Le Royaume-Uni et la France sont finalement parvenus à arracher à Donald Trump un engagement à défendre l’Ukraine contre toute rupture d’un éventuel cessez-le-feu par la Russie, dans le cas où la paix serait un jour signée. Le soutien des États-Unis était la pièce manquante pour donner de la crédibilité à la soi-disant « Coalition des volontaires », dirigée par Londres et Paris, qui envisage le déploiement de troupes sur le sol ukrainien pour garantir que Vladimir Poutine n'attaque plus.
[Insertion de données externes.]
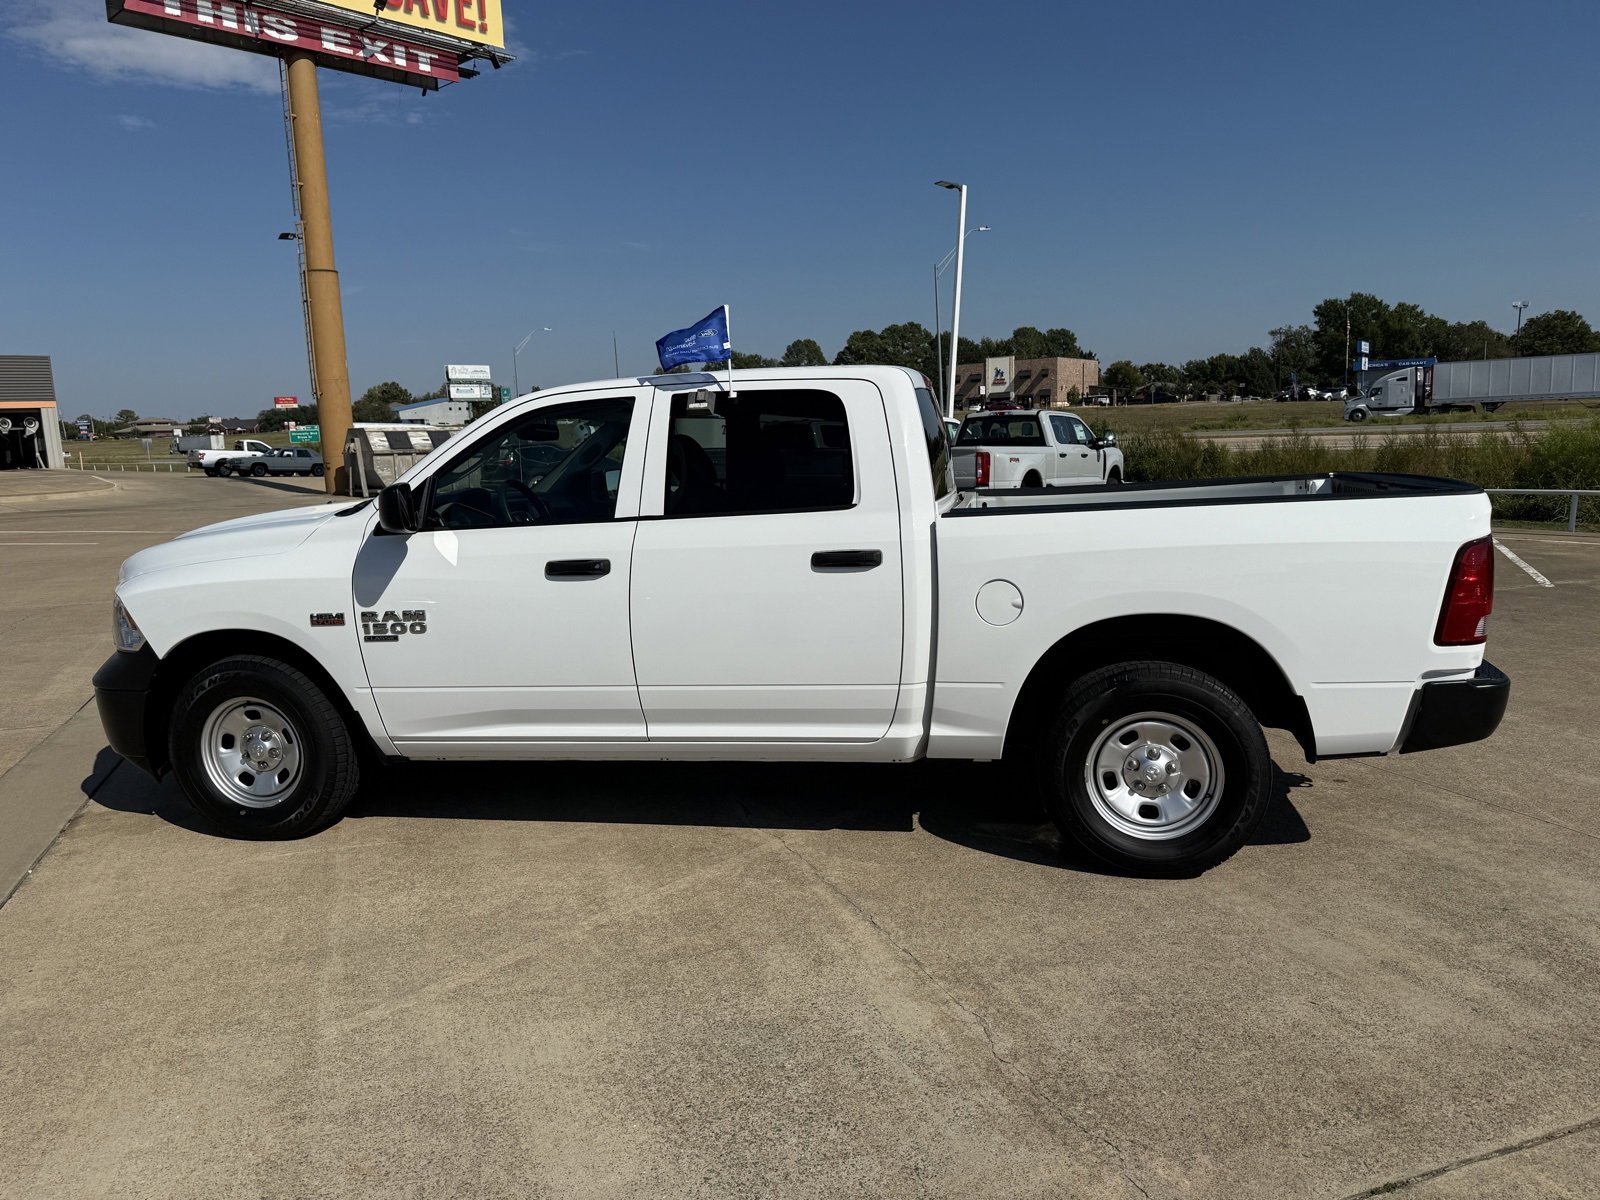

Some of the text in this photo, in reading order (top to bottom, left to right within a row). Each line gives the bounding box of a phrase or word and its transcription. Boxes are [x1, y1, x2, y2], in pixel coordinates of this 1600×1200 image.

[321, 26, 438, 72] EXIT
[310, 612, 345, 620] HEMI
[361, 610, 426, 622] RAM
[362, 622, 428, 635] 1500
Sans le soutien de Washington, l’initiative risquait de rester un geste politique à la capacité de dissuasion limitée.
Dans d’autres circonstances, obtenir le soutien de la Maison Blanche après de longs mois de négociations ardues aurait été la grande nouvelle du forum géopolitique, mais l’opération diplomatique contre le tremblement de terre au Venezuela et la menace désormais de Trump de s’emparer du Groenland soulèvent de plus en plus de questions sur sa crédibilité en tant qu’allié européen.
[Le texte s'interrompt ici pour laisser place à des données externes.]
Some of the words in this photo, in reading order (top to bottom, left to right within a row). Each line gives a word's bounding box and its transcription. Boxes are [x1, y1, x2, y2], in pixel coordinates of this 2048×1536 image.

Néanmoins, la déclaration signée mardi par le Premier ministre Keir Starmer et le président français Emmanuel lors du dernier sommet de Paris reste un grand pas vers la fin de l’invasion de Moscou. L'accord conclu avec Volodymyr Zelensky reste confidentiel, mais Starmer a déclaré que le Royaume-Uni et la France construiraient également des installations protégées pour les armes et les équipements militaires qui pourraient être utilisés en cas d'une autre incursion russe, en plus des plans pour les forces de trente pays, dont l'Espagne, qui forment la « Coalition des volontaires » pour sécuriser le territoire, les mers et le ciel de l'Ukraine. Le chancelier allemand Friedrich Merz n’a pas non plus exclu que Berlin s’engage à envoyer des troupes.
Une « grande étape »
Si cette annonce était en partie un geste théâtral visant à obtenir les garanties de sécurité nécessaires de la part de Washington et à renforcer le soutien à l'Ukraine auprès des négociateurs de Trump, elle semble avoir fonctionné. Le gendre et négociateur du locataire de la Maison Blanche, Jared Kushner, a qualifié l'accord de « grande, grande étape » sur le chemin de la paix.
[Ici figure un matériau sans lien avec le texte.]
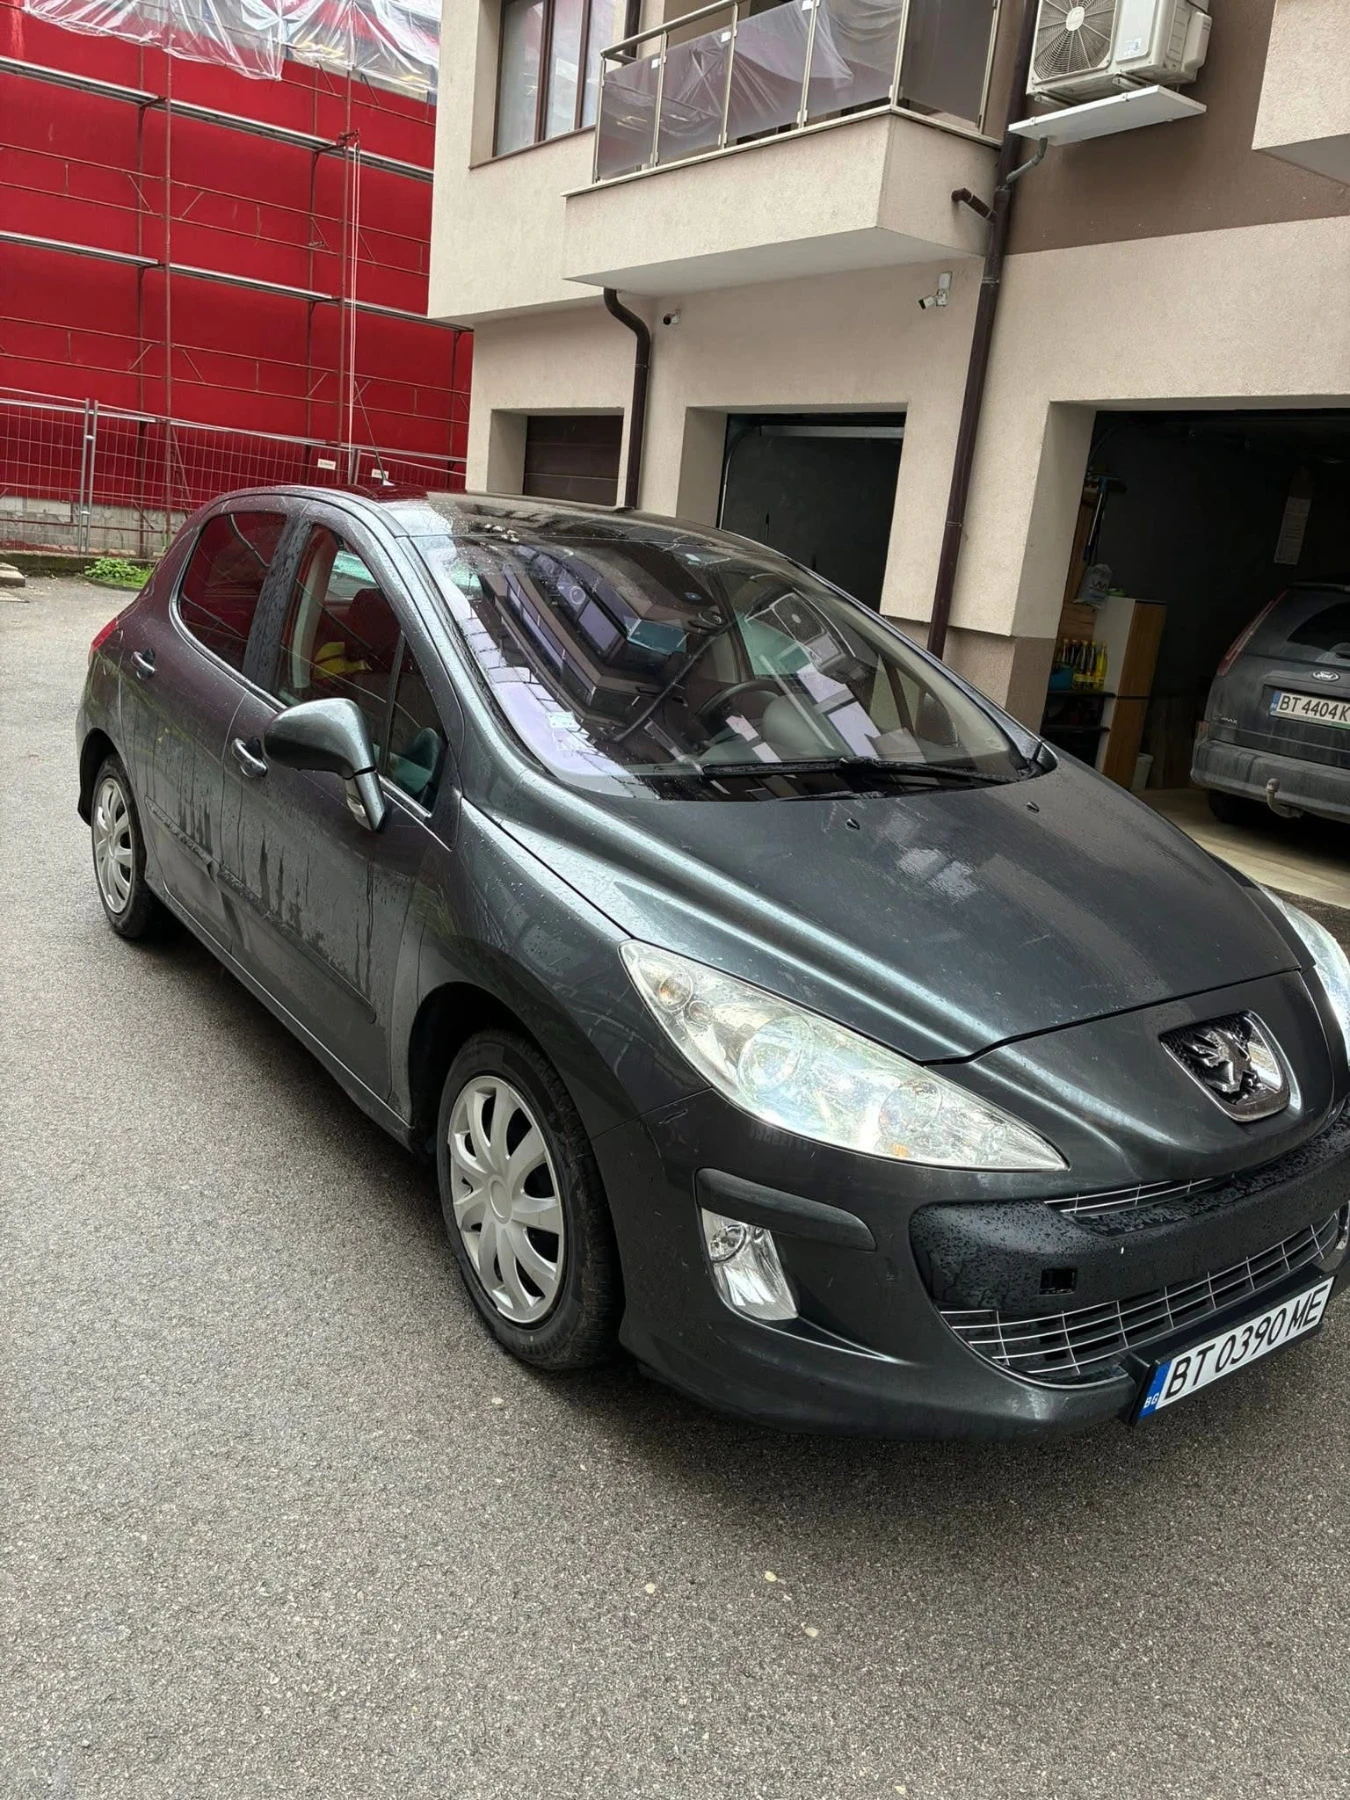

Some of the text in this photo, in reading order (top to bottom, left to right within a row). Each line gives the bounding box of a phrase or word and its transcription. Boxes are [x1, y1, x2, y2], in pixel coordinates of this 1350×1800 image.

[1280, 695, 1302, 712] BT
[1302, 700, 1339, 719] 4404
[1339, 705, 1350, 722] K
[1164, 1283, 1330, 1400] BT 0390 ME
[1143, 1392, 1160, 1409] BG
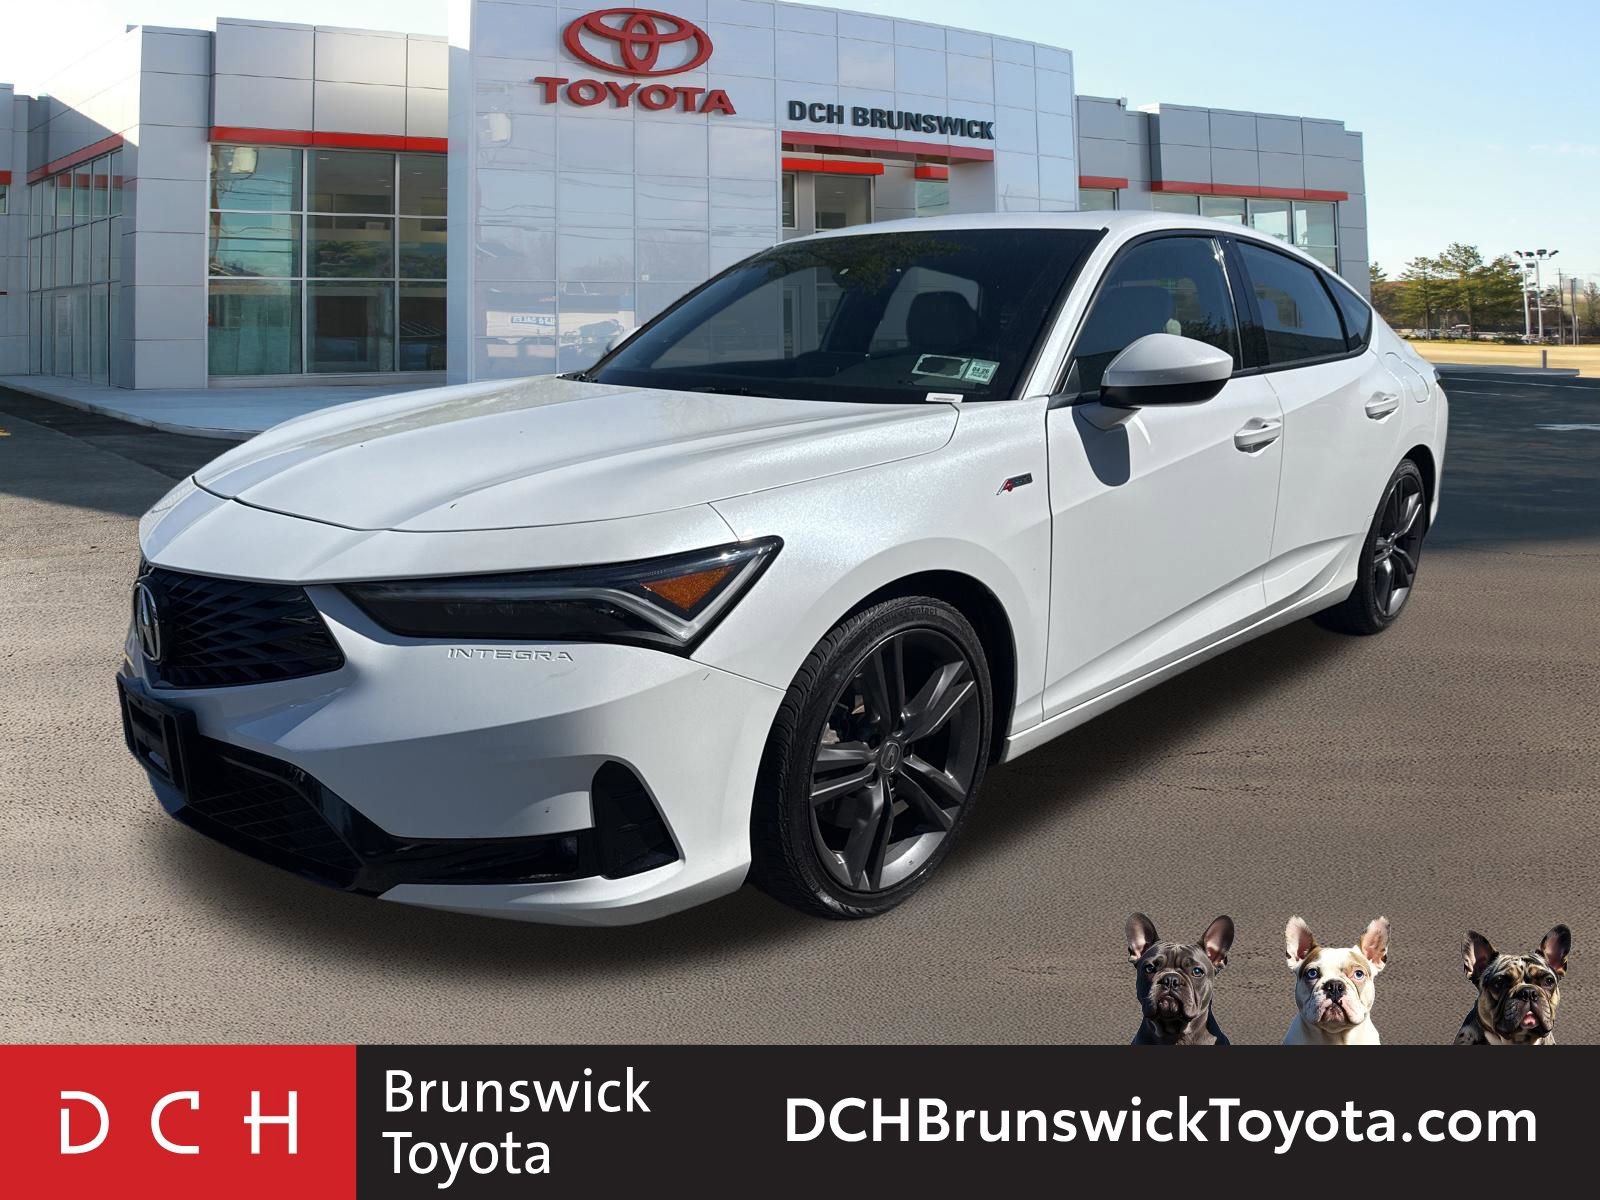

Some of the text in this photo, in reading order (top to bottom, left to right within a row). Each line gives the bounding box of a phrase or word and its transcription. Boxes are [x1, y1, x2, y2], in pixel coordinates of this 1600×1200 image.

[535, 76, 736, 115] TOYOTA
[788, 100, 995, 140] DCH BRUNSWICK
[447, 648, 575, 662] INTEGRA
Pour sa part, Steve Witkoff, l'autre moitié du duo de négociateurs, est allé jusqu'à dire que Trump était prêt à proposer des protocoles de sécurité qui « dissuaderaient » une attaque contre l'Ukraine et « défendraient » le pays en cas d'échec. Les commentaires optimistes, ainsi que tout le reste, n’étaient pas une mince affaire ; même si les doutes sur le véritable engagement de la Maison Blanche envers l’Europe ne seront pas dissipés. Rien n’indique que Vladimir Poutine soit prêt à accepter quoi que ce soit, ni même à abandonner ses exigences maximalistes selon lesquelles il n’y aurait pas de troupes occidentales et garder le territoire contrôlé par Kiev. Mais, pour la première fois depuis des mois, la balle semble clairement dans leur camp.